Top of DATA TO USE
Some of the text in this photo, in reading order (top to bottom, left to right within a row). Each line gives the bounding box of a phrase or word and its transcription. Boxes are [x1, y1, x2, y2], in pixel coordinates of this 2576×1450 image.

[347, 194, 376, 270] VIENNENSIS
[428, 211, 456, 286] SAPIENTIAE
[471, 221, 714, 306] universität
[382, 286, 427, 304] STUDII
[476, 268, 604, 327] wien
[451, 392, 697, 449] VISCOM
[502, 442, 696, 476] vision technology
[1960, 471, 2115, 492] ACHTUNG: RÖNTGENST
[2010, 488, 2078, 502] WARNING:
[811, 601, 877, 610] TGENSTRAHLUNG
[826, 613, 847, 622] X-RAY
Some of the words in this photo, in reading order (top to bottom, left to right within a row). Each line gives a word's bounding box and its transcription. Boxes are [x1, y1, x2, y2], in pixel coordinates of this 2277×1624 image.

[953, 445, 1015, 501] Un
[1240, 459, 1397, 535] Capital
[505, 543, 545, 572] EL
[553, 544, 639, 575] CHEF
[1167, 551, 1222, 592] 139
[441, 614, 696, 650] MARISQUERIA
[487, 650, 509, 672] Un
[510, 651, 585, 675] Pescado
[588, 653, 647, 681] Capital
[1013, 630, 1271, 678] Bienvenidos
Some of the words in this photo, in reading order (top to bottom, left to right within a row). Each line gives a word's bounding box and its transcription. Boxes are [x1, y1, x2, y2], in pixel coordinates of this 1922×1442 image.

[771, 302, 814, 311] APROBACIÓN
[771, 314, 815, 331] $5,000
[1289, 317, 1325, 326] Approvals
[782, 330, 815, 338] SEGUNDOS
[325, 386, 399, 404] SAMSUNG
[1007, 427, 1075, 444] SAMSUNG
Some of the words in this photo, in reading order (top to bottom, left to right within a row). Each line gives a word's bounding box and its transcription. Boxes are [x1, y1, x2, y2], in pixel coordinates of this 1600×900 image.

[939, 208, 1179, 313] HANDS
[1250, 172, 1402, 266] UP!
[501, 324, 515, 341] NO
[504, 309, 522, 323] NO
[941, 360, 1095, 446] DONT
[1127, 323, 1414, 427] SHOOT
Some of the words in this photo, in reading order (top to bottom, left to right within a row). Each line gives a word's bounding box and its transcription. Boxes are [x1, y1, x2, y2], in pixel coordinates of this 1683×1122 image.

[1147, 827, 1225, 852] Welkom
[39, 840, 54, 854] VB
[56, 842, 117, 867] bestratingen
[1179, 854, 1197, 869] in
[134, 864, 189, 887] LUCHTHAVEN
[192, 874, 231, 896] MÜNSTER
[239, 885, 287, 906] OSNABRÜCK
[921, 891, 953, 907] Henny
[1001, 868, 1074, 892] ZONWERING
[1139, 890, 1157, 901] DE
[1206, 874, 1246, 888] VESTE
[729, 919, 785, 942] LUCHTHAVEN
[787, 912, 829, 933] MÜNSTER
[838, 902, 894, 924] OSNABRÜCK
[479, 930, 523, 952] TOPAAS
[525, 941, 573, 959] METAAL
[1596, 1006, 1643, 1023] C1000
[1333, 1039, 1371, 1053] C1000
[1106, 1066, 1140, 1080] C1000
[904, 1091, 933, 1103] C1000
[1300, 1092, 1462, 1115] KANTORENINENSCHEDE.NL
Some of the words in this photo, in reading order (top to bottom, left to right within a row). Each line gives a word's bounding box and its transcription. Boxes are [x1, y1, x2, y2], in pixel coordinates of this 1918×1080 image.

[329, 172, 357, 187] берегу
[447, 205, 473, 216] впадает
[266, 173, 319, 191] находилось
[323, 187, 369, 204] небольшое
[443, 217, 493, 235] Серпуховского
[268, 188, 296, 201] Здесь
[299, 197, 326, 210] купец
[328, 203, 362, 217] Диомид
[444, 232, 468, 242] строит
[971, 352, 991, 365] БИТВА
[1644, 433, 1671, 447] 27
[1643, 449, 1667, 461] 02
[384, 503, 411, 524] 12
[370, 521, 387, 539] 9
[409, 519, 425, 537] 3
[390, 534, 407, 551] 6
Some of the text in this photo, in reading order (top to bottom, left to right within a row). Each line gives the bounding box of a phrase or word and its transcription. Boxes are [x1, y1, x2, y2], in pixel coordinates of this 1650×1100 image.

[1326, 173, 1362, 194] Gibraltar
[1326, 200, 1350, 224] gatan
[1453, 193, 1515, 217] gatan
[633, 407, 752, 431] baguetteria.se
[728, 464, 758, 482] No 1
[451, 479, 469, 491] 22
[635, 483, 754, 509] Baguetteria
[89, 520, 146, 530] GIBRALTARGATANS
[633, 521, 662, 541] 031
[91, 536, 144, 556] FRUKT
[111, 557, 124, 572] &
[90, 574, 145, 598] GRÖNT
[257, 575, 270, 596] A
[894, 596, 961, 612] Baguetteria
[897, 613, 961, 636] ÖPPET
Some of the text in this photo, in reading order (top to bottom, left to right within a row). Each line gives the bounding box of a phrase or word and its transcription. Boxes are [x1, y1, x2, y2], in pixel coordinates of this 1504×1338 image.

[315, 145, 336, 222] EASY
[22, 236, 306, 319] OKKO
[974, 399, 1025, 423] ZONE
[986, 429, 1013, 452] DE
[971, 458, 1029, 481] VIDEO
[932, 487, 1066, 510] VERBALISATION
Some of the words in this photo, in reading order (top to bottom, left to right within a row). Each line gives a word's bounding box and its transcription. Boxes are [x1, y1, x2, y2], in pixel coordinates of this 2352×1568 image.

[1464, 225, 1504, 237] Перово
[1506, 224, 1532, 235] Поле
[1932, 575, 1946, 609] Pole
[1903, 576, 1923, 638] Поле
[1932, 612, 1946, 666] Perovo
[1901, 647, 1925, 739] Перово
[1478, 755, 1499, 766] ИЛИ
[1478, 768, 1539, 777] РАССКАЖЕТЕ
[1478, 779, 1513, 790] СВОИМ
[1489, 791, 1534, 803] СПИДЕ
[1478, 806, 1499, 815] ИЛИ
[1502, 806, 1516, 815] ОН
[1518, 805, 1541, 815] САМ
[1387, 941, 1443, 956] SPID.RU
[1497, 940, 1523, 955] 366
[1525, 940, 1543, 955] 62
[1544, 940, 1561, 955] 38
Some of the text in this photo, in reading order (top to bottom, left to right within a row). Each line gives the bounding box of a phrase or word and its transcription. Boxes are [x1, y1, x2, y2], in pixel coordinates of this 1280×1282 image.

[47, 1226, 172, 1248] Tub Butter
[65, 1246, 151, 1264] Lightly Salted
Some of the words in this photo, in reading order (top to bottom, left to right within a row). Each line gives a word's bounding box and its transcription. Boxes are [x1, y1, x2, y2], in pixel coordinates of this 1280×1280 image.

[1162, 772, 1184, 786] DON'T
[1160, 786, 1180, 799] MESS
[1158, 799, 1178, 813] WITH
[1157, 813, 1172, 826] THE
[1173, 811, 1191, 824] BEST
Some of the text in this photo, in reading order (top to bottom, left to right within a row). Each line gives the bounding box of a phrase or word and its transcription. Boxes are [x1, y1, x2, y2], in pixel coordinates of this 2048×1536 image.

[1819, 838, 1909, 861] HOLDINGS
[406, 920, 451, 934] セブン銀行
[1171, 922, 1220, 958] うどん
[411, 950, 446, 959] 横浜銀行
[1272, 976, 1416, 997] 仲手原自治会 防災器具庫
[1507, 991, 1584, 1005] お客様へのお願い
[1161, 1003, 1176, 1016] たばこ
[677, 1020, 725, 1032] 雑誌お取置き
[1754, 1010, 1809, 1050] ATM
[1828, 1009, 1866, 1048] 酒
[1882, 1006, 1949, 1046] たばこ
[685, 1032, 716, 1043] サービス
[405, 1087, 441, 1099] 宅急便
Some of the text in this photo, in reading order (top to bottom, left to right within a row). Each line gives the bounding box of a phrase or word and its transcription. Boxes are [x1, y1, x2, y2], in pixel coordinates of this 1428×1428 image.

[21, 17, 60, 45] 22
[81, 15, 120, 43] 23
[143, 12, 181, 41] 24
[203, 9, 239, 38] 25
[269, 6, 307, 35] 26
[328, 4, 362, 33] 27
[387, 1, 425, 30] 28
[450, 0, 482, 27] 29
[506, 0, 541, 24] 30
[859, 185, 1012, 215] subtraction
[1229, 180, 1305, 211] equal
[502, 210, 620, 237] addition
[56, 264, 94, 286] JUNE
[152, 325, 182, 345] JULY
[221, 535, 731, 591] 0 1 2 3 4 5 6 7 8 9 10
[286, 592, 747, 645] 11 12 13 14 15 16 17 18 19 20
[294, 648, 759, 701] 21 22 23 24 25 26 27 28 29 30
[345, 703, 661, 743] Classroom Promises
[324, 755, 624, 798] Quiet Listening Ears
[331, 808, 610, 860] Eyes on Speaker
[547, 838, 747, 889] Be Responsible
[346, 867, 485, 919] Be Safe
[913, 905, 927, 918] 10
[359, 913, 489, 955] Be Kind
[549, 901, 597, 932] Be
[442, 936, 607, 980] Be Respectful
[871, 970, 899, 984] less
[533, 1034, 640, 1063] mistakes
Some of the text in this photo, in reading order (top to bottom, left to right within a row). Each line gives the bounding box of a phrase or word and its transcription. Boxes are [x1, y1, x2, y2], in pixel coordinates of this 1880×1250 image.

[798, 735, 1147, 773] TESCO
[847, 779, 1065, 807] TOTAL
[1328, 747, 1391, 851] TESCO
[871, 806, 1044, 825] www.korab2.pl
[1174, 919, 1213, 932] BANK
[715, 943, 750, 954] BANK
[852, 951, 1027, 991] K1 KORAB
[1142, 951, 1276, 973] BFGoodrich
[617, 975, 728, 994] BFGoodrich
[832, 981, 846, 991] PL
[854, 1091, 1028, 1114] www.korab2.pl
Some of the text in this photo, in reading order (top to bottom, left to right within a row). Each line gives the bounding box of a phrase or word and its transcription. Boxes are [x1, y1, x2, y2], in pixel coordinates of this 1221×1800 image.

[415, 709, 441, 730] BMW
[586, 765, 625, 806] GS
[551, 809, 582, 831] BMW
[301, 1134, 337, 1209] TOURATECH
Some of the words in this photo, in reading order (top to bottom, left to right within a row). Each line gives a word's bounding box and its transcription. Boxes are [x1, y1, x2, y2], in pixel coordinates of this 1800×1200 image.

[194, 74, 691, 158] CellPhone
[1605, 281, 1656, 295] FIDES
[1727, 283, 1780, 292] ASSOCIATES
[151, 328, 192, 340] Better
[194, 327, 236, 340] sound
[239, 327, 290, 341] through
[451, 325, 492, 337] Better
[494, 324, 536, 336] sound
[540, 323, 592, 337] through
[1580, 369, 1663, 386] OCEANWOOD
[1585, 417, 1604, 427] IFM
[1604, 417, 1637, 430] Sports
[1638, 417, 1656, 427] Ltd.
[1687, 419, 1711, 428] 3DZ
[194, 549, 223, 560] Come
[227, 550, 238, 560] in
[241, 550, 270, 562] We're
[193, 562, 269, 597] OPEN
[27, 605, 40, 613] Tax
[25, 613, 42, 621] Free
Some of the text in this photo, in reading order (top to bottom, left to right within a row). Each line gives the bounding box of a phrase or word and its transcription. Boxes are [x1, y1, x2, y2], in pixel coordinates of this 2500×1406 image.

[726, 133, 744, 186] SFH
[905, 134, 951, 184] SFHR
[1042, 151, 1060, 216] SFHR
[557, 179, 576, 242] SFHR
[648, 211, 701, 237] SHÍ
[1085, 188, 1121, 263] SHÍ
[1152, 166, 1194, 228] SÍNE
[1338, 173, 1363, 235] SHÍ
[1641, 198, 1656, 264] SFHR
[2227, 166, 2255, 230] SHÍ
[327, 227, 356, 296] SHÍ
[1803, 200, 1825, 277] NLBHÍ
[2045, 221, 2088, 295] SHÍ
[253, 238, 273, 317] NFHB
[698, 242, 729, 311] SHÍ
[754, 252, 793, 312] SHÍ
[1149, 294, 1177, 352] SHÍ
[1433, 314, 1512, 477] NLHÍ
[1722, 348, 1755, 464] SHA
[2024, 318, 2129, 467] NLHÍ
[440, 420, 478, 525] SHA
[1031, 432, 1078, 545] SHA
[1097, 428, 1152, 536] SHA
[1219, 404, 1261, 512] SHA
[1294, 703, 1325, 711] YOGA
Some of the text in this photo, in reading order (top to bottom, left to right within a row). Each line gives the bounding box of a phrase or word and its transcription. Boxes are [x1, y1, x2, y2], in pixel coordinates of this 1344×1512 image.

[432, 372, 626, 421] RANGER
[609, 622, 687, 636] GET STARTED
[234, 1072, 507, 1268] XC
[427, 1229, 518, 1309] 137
Bottom of DATA TO USE
Starting at the line that contains "this 1344×1512 image.", quote each remaining line of the entries above, unchanged.

ANSWER FOR THIS EXERCISE:
Some of the text in this photo, in reading order (top to bottom, left to right within a row). Each line gives the bounding box of a phrase or word and its transcription. Boxes are [x1, y1, x2, y2], in pixel coordinates of this 1344×1512 image.

[432, 372, 626, 421] RANGER
[609, 622, 687, 636] GET STARTED
[234, 1072, 507, 1268] XC
[427, 1229, 518, 1309] 137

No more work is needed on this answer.